Ryan Vinelli at New York’s Yeshiva University noted in a recent paper the emergence of what he calls “luxury shame”. Mr Vinelli reckons that outrage against the public handouts to rich bankers and businessmen has turned sentiment against eye-catching displays of wealth. Although his analysis applies to luxurious items such as designer handbags, similar behaviour may now begin to affect the grocery till. IGD’s research has found that whereas purchases are plunging for organic foods (seen as a personal indulgence for rich consumers), they are holding firm on fair-trade and locally sourced products (also sold at premium prices but seen more as a way to do good to others).

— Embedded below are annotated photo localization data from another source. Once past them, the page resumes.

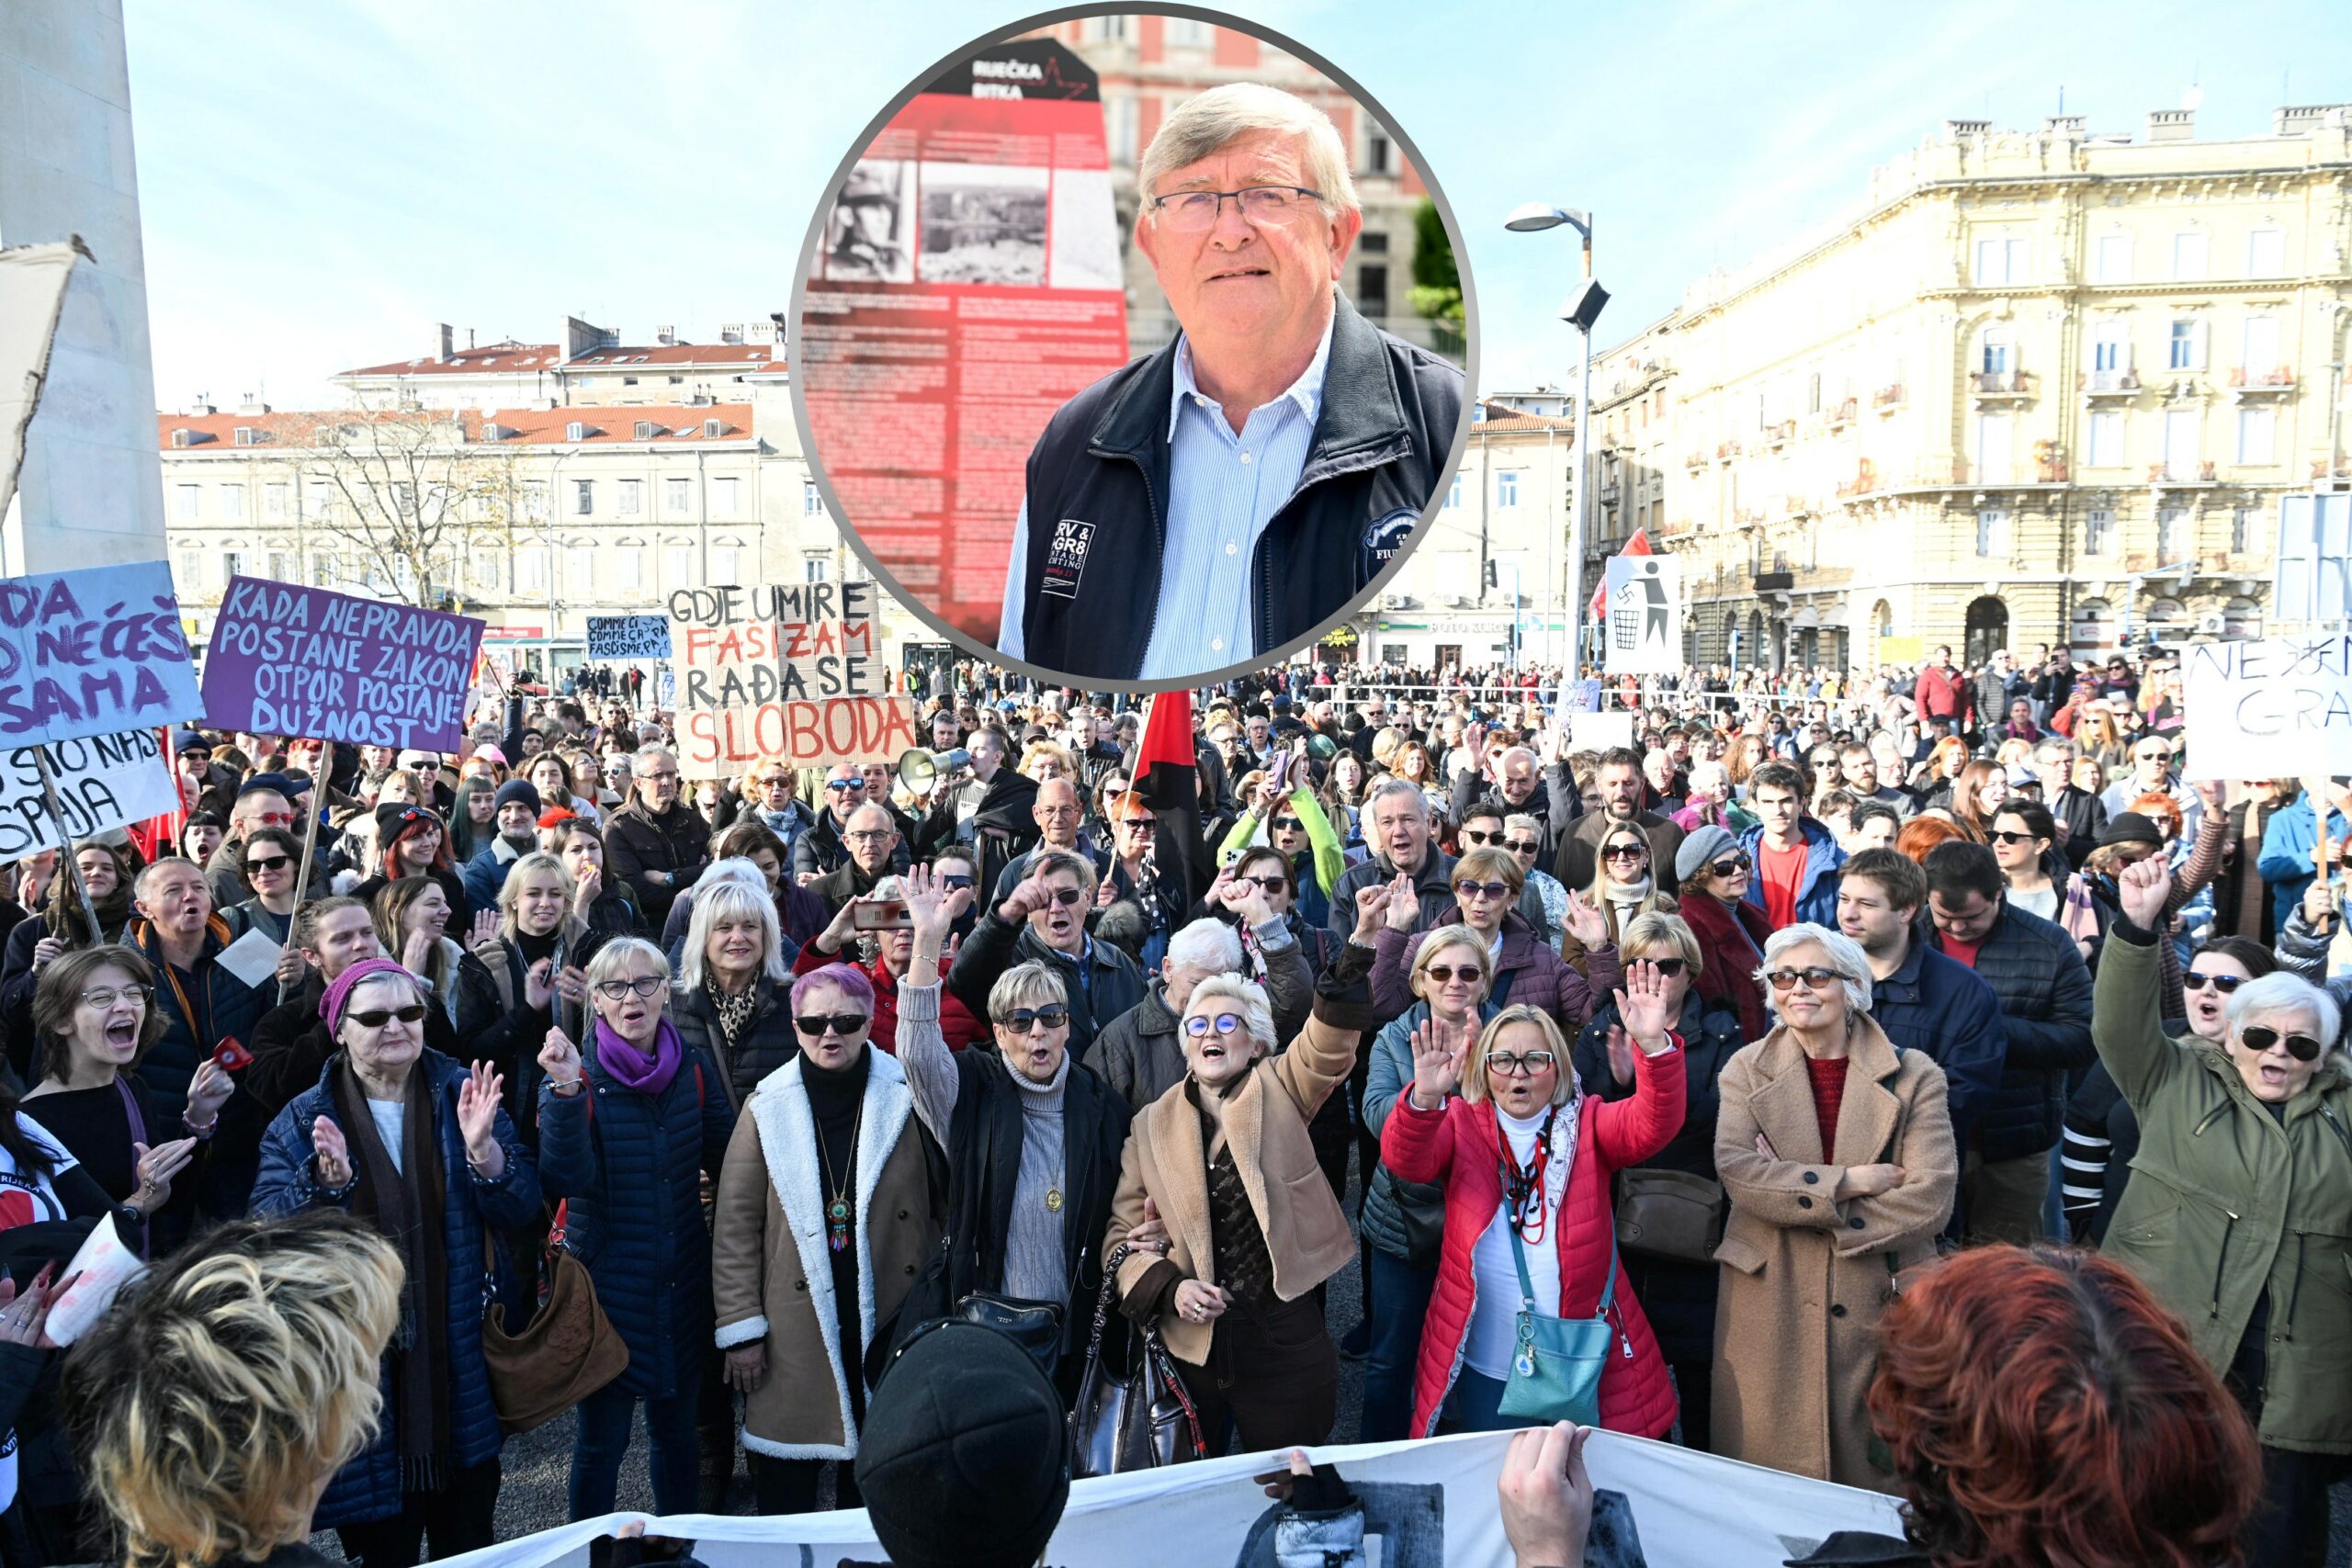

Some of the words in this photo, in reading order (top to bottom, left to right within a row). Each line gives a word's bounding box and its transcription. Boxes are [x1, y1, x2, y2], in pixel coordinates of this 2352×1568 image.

[1079, 527, 1090, 541] &
[228, 582, 309, 627] KADA
[320, 599, 470, 659] NEPRAVDA
[588, 617, 626, 631] COMME
[669, 585, 743, 627] GDJE
[752, 582, 872, 625] UMIRE
[220, 621, 364, 672] POSTANE
[370, 646, 469, 694] ZAKON
[589, 630, 626, 642] COMME
[686, 618, 872, 665] FAŠIZAM
[687, 663, 808, 711] RAĐA
[817, 656, 868, 695] SE
[2188, 642, 2267, 682] NE
[0, 664, 172, 733] SAMA
[254, 662, 345, 707] OTPOR
[356, 676, 463, 734] POSTAJE
[251, 697, 419, 749] DUŽNOST
[690, 694, 916, 762] SLOBODA
[1, 1175, 40, 1193] RIJEKA

The paper is here as a 199KB PDF. Money quote:
“Luxury shame,” or the anxiety felt by consumers for buying luxury brand products, is a radical departure from attitudes displayed just a year ago. There is increasing evidence that this anxiety, either in the form of guilt or shame, is forcing consumers to either forgo purchasing luxury products, or to completely change how they purchase them. For instance, the CBS Early Show aired a segment about women avoiding purchasing luxury goods in stores (i.e., in person) in favor of purchasing via exclusive websites that mail the goods in discreet packaging (i.e., anonymously). Exclusive online merchants such as Gilt Groupe (gilt.com), and Ideeli (ideeli.com) profit from the luxury consumers’ shame and guilt by offering luxury shopping away from the public eye.
I don’t know – this is not my world. Sounds like a chick thing, really. I’ll have to ask the guys at Bunnings how they deal with it.